PROVIDED RECORDS

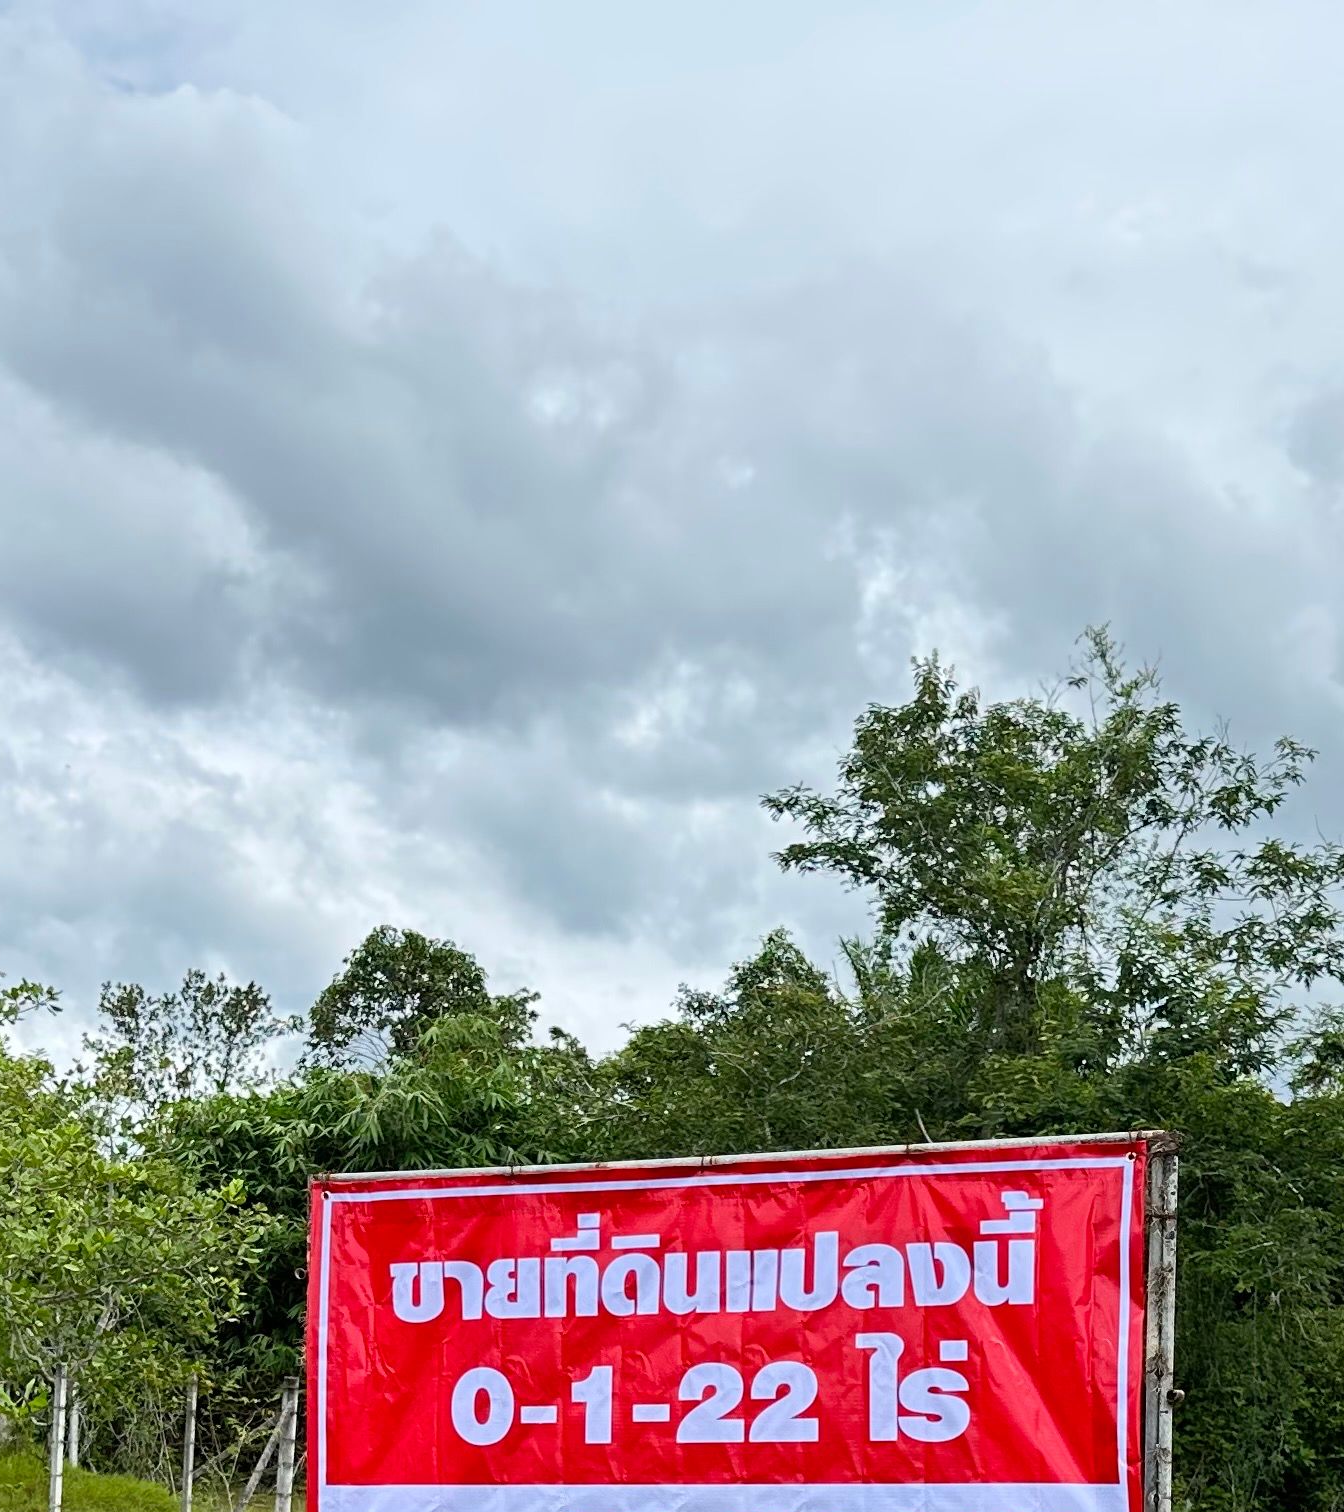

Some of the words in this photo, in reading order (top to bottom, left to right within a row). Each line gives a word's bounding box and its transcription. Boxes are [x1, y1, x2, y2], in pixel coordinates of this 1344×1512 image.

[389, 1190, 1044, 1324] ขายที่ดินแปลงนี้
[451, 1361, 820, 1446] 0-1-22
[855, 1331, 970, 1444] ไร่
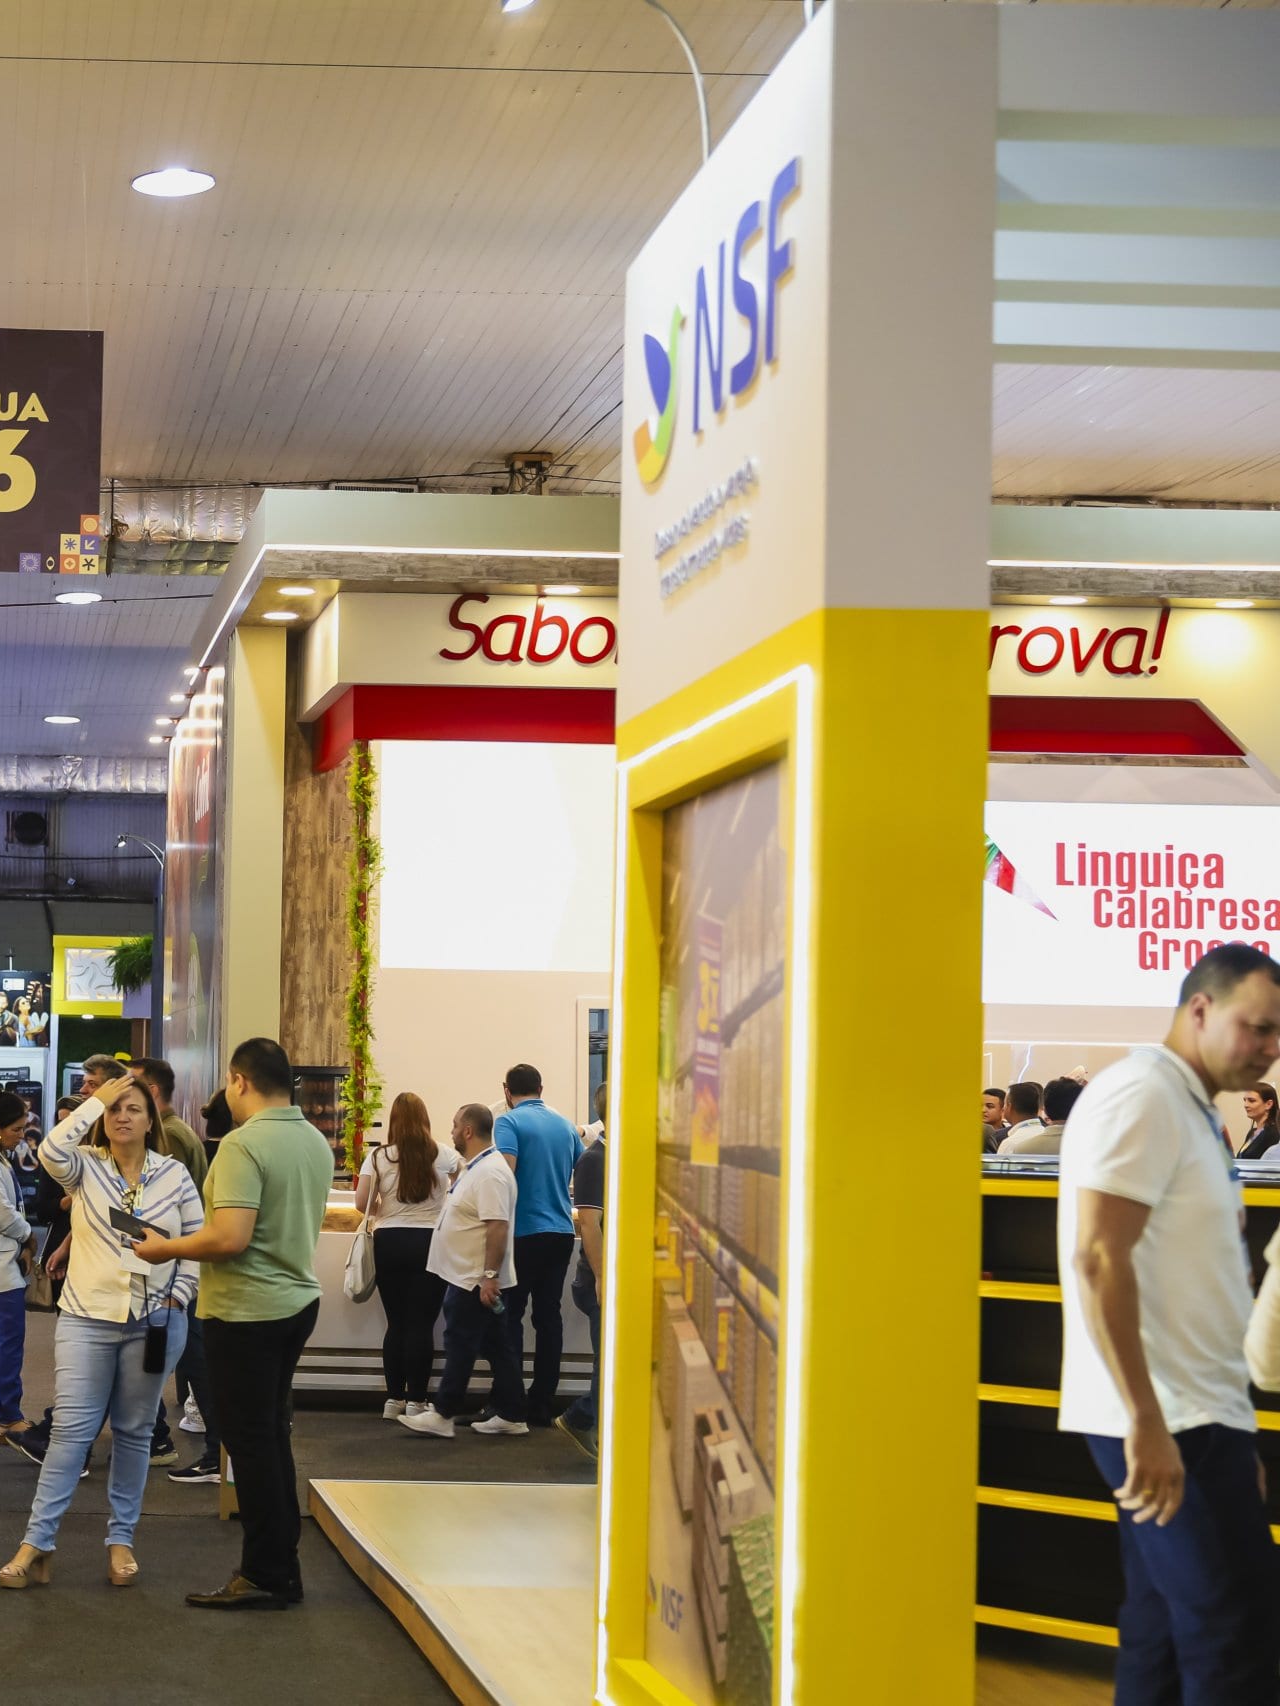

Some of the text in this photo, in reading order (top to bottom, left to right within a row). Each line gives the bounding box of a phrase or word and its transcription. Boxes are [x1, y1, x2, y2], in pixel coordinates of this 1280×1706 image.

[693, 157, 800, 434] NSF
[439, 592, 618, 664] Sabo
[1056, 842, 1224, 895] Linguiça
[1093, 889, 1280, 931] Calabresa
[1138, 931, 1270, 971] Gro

REQUIREMENT
Starting at the line with "Some of the text", restate each line through the end of the records, both ends included, and stop there.

ANSWER FOR THE TASK
Some of the text in this photo, in reading order (top to bottom, left to right within a row). Each line gives the bounding box of a phrase or word and its transcription. Boxes are [x1, y1, x2, y2], in pixel coordinates of this 1280×1706 image.

[693, 157, 800, 434] NSF
[439, 592, 618, 664] Sabo
[1056, 842, 1224, 895] Linguiça
[1093, 889, 1280, 931] Calabresa
[1138, 931, 1270, 971] Gro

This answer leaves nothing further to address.